Patch pipettes were pulled from borosilicate glass to a resistance of 3–5 MΩ. Currents were recorded, in whole-cell configuration, under voltage-clamp mode of the patch-clamp technique, at room temperature, using an Axopatch 200B patch clamp amplifier (Axon Instrument, USA). Analogue signals were filtered at 5 kHz, and sampled at 10 kHz using a 1,440A Digidata converter. Cell capacitance and series resistance were electronically compensated by about 60%. The P/2 sub-pulse correction of cell leakage and capacitance was used to study Na+ current (INa). Sodium currents were recorded by depolarizing the cells from a holding potential of −100 mV to a maximal test pulse of −30 mV for 30 ms every 500 ms. The protocol used to build sodium current–voltage (INa–V) relationships was as follows: from a holding potential of −100 mV, the membrane was stepped to potentials from −80 to +60 mV, with 5-mV increments, for 50 ms at a frequency of 2 Hz. Availability–voltage relationships were obtained by applying 50 ms prepulses using the INa–V curve procedure followed by a depolarizing pulse to −5 mV for 50 ms. In this case, currents were normalized to the amplitude of the test current without a prepulse. Conductance through Na+ channels (gNa) was calculated as already described21. Current amplitudes were normalized to cell capacitance and expressed as current density (pA/pF). The Physiological Saline Solution had the following composition (in mM): NaCl 140, KCl 4, MgCl2 1, CaCl2 2, D-glucose 11.1 and HEPES 10, adjusted to pH 7.4 with NaOH (1 M). The intrapipette solution had the following composition (in mM): KCl 130, NaCl 15, CaCl2 0.37, MgCl2 1, Mg-ATP 1, EGTA 1, HEPES 10, adjusted to pH 7.2 with KOH (1 M).

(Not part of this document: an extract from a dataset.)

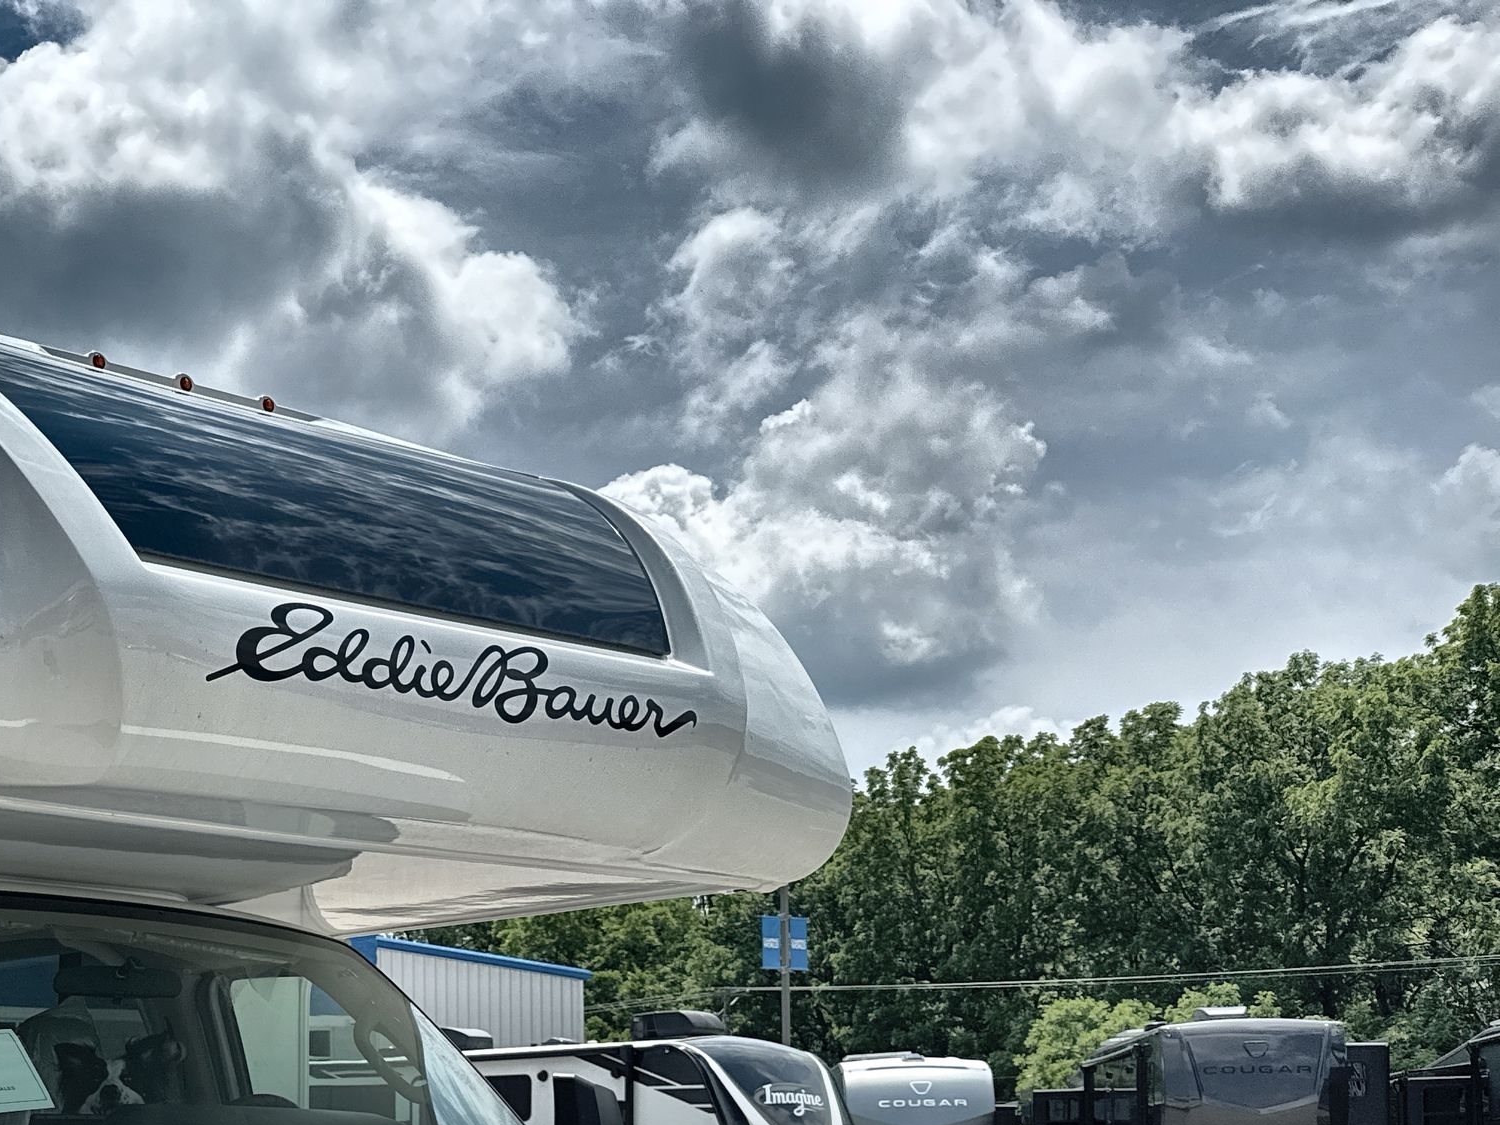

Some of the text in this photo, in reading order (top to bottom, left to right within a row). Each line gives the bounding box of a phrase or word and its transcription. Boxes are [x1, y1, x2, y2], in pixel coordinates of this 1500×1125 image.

Measurement of intracellular pH
Cells were incubated for 30 min at 37 °C in Hank’s medium containing 2 μM BCECF-AM (2′,7′-bis-(2-carboxyethyl)-5-(and-6)-carboxyfluorescein; excitation 503/440 nm; emission 530 nm). Excess dye was removed by rinsing the cells twice with Physiological Saline Solution. H+ efflux was measured as previously described25,59.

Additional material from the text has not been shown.